━━━━━ SOURCE DATA

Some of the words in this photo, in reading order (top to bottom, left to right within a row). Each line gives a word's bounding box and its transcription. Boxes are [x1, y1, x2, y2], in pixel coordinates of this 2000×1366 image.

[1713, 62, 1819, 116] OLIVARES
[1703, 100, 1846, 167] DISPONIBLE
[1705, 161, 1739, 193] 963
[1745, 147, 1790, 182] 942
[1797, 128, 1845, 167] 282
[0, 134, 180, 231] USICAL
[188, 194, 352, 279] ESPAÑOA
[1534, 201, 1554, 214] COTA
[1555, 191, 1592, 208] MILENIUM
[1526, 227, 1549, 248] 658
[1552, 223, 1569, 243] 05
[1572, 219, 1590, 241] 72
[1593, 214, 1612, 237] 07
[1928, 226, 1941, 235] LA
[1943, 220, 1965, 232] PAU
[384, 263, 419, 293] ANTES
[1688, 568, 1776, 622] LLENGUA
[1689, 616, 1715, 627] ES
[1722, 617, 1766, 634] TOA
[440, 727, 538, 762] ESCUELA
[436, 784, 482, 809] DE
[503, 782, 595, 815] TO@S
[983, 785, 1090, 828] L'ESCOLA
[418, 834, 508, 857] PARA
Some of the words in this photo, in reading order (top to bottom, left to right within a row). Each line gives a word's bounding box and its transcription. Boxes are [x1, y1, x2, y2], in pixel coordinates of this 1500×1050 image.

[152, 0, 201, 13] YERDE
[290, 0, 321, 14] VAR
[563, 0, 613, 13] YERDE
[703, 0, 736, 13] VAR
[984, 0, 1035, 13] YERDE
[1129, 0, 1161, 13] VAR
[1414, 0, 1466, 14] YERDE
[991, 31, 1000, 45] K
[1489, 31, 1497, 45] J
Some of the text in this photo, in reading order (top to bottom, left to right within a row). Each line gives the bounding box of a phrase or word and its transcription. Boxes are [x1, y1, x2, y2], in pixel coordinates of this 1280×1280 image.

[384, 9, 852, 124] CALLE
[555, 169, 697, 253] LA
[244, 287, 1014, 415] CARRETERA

━━━━━━━━━━

## WHAT IS NEEDED
The output is every entry, printed exactly as it reads.

## ANSWER FOR THIS EXERCISE
Some of the words in this photo, in reading order (top to bottom, left to right within a row). Each line gives a word's bounding box and its transcription. Boxes are [x1, y1, x2, y2], in pixel coordinates of this 2000×1366 image.

[1713, 62, 1819, 116] OLIVARES
[1703, 100, 1846, 167] DISPONIBLE
[1705, 161, 1739, 193] 963
[1745, 147, 1790, 182] 942
[1797, 128, 1845, 167] 282
[0, 134, 180, 231] USICAL
[188, 194, 352, 279] ESPAÑOA
[1534, 201, 1554, 214] COTA
[1555, 191, 1592, 208] MILENIUM
[1526, 227, 1549, 248] 658
[1552, 223, 1569, 243] 05
[1572, 219, 1590, 241] 72
[1593, 214, 1612, 237] 07
[1928, 226, 1941, 235] LA
[1943, 220, 1965, 232] PAU
[384, 263, 419, 293] ANTES
[1688, 568, 1776, 622] LLENGUA
[1689, 616, 1715, 627] ES
[1722, 617, 1766, 634] TOA
[440, 727, 538, 762] ESCUELA
[436, 784, 482, 809] DE
[503, 782, 595, 815] TO@S
[983, 785, 1090, 828] L'ESCOLA
[418, 834, 508, 857] PARA
Some of the words in this photo, in reading order (top to bottom, left to right within a row). Each line gives a word's bounding box and its transcription. Boxes are [x1, y1, x2, y2], in pixel coordinates of this 1500×1050 image.

[152, 0, 201, 13] YERDE
[290, 0, 321, 14] VAR
[563, 0, 613, 13] YERDE
[703, 0, 736, 13] VAR
[984, 0, 1035, 13] YERDE
[1129, 0, 1161, 13] VAR
[1414, 0, 1466, 14] YERDE
[991, 31, 1000, 45] K
[1489, 31, 1497, 45] J
Some of the text in this photo, in reading order (top to bottom, left to right within a row). Each line gives the bounding box of a phrase or word and its transcription. Boxes are [x1, y1, x2, y2], in pixel coordinates of this 1280×1280 image.

[384, 9, 852, 124] CALLE
[555, 169, 697, 253] LA
[244, 287, 1014, 415] CARRETERA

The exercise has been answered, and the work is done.